Добавить цитату

© Влад Костромин, 2022


ISBN 978-5-0056-2394-2 (т. 3)

ISBN 978-5-0051-1051-0

Создано в интеллектуальной издательской системе Ridero

В Бобровке все спокойно (Шпулечник – 3)

Мне казалось, что все сюжетные нити Бобровского цикла («Шпулечник» и «Каникулы в Простоквашино (Шпулечник 2») закрылись в третьей книге Карловского цикла («Змеиный узел», «Кукушкины слезки», «Воробьиная ночь»), все узелки связались… Казалось, ан нет! Не тут то было!

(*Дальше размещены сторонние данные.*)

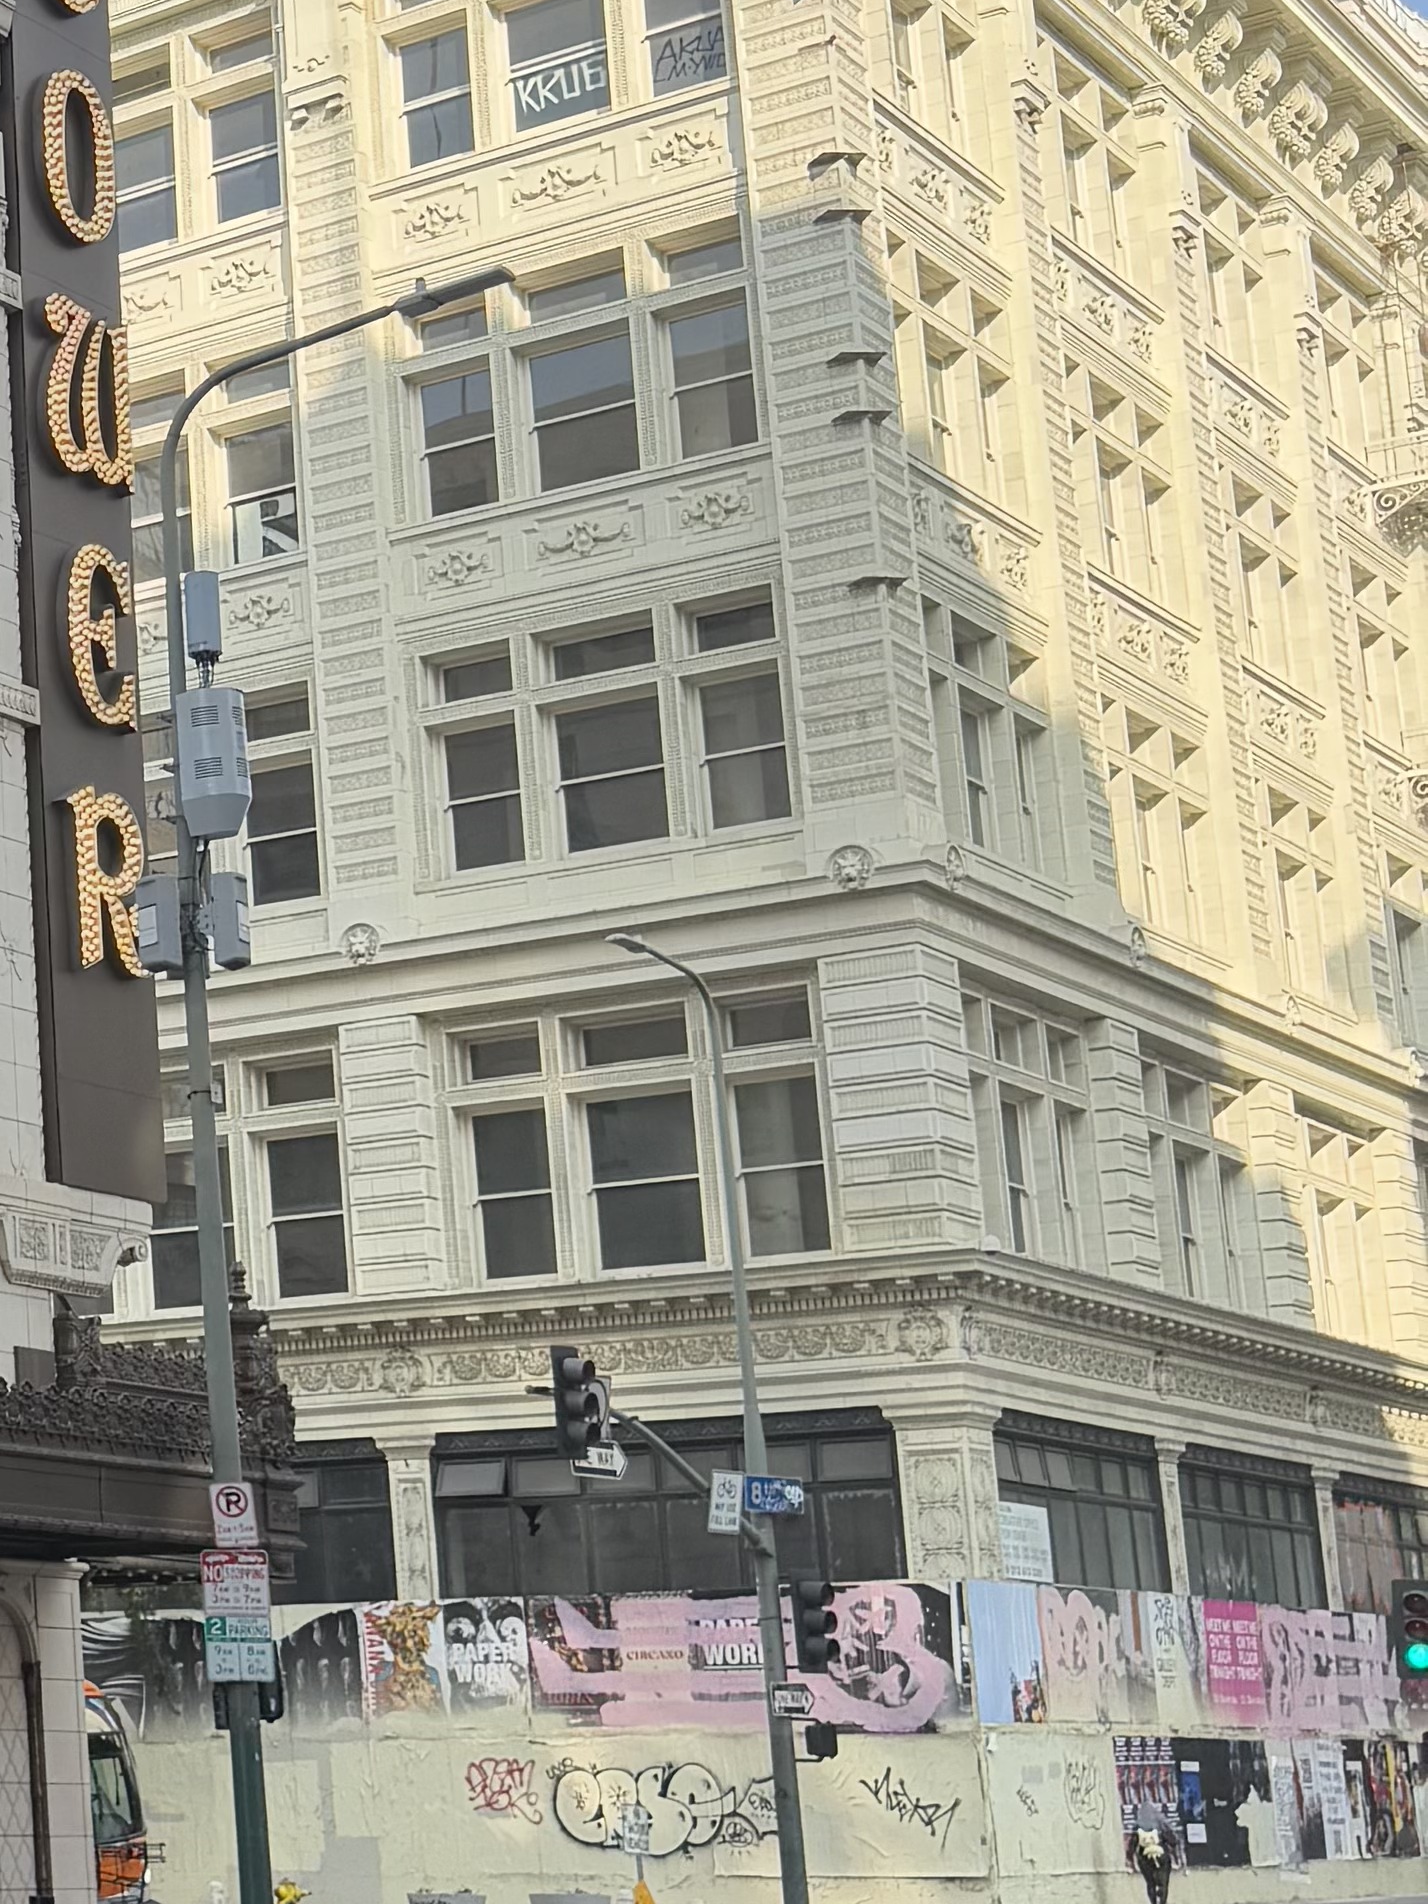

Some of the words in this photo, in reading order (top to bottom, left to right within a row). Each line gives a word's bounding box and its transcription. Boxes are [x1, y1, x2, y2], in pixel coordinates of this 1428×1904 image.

[204, 1565, 222, 1582] NO
[210, 1619, 222, 1634] 2
[452, 1643, 514, 1663] PAPER

Шпулька судьбы вращается непрестанно и вот уже на подходе «Шпулечник  3»  «В Бобровке все спокойно». И вот уже две трилогии замыкаются в кольцо, сворачивая Время восьмеркой…


После долгих житейских лишений и скитаний мы обрели относительно спокойную и сытую жизнь в Бобровке. Казалось бы, живи, залечивай раны от житейских невзгод, да отъедайся потихоньку. Но не тут то было! Отец, будь он неладен, увидел мультфильм «Черный плащ»…

«В начале было…»

После всех скитания и мытарств, вызванных буйной отцовской натурой, мы осели в деревне Бобровка. Там несколько лет почему-то было вакантным место и отец стал директором бывшего совхоза, преобразованного в открытое акционерное общество, мать бухгалтером. Деревня в целом была неплохой, хотя местные и посматривали на нас как-то странно, с каким-то то ли сожалением, то ли сочувствием, и часто шептались у нас за спиной.

Жили мы в Бобровке не скучно: родители взяли свиней и кур, мать быстро развела огород. Дом наш стоял в большом яблоневом саду, с трех сторон охваченном асфальтовой петлей дороги. Затянуться этой петле не давал пыльный проселок, отделявший дом от остальной деревни. Бобровка была разбита на три части: «старая деревня», построенная еще при царе; «новая деревня» – пять улиц щитовых домов, обложенных белым кирпичом, и «новая новая деревня» – тянувшаяся от столовой и общежития параллельно озеру улица, недавно построенная для переселенцев из бывших союзных республик. Бобровку окружали густые непроходимые леса, а единственная асфальтированная дорога, построенная еще при Черненко по программе «Малые дороги Нечерноземья», соединяющая ее с внешним миром, через двадцать километров выныривала на федеральную трассу. Как их называли на новый манер. В школу приходилось ездить в другую деревню, раскинувшуюся вдоль этой федеральной трассы.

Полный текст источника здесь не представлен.